A study done in 2018 showed that clients with acne have a distinct gut microbiome composition. The bacteria Firmicutes breaks down carbohydrates. Bacteriodes create fatty acids.  Acne clients gut microbiome have a decreased diversity of the gut microbiota with a lower abundance of Firmicutes and increased levels of Bacteroides.

Clostridium, another gut bacteria, plays a role in energizing intestinal epithelial cells and strengthening the intestinal barrier. Costridiales break down sugars. Lachnospiraceae bacteria enhances the breakdown of short chain fatty acids, stimulating immune function. Another gut bacteria, Ruminococcaceae ferments dietary fiber, creating an energy source for the body. Acne clients were extremely deficient in Clostridium, Costridiales, Lachnospiraceae, and Ruminococcaceae. 

Eating a diet that contains prebiotics and probiotics, such as sauerkraut and other fermented foods will influence the gut biome and lead to clearer skin.

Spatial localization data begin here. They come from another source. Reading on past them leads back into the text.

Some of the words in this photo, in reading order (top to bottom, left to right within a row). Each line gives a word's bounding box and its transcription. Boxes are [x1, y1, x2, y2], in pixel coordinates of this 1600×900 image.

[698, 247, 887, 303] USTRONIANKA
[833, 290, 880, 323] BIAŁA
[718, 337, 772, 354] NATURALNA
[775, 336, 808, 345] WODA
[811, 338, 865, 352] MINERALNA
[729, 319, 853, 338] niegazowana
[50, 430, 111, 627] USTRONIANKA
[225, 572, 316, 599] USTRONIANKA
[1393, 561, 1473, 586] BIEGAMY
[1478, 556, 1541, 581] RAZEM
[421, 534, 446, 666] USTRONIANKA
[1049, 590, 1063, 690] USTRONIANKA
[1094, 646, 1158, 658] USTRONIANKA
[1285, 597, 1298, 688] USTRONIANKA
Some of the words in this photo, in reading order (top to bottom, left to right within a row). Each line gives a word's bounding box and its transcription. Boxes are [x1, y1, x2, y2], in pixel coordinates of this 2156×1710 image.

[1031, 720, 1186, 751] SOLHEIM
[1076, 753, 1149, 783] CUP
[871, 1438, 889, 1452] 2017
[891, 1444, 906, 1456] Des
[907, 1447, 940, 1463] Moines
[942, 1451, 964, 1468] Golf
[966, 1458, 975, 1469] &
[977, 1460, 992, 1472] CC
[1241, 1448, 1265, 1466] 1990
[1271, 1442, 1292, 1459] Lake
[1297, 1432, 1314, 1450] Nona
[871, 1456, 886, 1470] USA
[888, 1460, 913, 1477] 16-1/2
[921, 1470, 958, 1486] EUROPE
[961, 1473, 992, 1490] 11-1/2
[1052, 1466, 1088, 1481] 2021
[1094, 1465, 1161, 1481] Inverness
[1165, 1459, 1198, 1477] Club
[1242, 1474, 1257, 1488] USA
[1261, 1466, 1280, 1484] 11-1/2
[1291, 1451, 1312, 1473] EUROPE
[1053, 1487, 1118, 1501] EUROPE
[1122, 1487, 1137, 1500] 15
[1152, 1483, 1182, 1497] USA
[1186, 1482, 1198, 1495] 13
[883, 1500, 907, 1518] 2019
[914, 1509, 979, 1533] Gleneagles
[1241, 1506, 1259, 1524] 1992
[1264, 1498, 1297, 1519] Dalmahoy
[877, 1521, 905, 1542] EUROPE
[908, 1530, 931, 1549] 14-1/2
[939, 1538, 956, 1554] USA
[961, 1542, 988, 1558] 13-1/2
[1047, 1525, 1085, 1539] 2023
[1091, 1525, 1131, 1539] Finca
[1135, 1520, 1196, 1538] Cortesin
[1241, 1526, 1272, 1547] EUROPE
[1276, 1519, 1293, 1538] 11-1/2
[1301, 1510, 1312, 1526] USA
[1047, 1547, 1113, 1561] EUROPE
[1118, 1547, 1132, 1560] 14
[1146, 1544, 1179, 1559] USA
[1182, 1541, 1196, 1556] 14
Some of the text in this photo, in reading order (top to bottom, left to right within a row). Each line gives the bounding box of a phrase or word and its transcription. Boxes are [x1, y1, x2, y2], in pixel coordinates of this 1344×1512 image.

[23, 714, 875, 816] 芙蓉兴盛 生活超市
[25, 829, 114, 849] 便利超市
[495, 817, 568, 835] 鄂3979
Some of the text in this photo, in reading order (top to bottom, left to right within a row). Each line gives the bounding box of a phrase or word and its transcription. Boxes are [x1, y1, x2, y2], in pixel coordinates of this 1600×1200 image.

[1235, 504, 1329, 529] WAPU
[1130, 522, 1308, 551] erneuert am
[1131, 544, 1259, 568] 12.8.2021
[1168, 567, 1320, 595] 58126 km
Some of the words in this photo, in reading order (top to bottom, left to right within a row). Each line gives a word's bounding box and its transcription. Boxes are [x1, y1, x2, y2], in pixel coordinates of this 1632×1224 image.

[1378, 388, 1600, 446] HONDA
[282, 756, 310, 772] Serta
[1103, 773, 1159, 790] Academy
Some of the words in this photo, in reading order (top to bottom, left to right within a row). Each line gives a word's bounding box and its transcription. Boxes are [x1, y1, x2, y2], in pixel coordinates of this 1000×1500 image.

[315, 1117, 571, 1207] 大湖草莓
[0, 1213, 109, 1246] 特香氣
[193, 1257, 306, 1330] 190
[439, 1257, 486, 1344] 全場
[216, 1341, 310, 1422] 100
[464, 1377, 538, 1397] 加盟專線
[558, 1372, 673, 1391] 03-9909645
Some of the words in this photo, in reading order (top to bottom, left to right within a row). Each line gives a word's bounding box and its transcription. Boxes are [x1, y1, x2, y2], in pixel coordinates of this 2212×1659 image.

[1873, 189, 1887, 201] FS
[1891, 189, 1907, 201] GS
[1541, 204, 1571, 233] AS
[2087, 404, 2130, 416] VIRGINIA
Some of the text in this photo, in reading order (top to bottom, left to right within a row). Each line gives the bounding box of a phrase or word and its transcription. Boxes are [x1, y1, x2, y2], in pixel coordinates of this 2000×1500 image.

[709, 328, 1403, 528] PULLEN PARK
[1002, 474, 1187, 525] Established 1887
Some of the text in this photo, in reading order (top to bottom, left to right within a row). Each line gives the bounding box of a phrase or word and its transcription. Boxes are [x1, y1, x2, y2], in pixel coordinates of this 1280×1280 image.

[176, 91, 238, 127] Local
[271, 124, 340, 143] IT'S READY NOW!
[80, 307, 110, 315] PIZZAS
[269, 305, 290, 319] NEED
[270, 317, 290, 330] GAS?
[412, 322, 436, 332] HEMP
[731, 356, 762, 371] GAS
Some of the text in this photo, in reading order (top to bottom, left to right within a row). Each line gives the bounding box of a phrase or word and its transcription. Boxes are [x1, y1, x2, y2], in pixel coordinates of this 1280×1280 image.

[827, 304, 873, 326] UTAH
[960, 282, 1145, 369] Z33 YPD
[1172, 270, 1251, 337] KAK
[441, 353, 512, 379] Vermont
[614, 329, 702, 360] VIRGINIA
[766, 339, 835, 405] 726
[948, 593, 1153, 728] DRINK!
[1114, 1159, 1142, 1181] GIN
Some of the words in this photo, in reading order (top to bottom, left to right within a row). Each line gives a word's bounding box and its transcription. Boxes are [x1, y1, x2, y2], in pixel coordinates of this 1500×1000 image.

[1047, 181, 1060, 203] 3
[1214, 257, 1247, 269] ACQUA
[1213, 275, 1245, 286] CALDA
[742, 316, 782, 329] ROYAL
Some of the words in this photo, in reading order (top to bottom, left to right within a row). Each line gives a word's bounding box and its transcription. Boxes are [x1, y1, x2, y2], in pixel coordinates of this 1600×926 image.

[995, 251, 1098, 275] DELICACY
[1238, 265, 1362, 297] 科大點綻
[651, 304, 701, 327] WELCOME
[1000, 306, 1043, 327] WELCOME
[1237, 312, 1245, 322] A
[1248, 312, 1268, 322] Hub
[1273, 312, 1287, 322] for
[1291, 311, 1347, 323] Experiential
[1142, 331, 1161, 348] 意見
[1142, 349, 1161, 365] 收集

Conclusion: While the relationship between diet and acne is complex and varies from person to person, emerging evidence suggests that certain dietary factors can influence acne development and severity. Helping your clients who are struggling with acne means more than topical applications of products. What goes in the body for nutrition needs to be acknowledged in addition to what goes on the skin. Recommending a food diary and also a low-glycemic index diet, reducing dairy consumption, balancing omega-6 to omega-3 fatty acids and increasing antioxidant rich foods can impact skin health.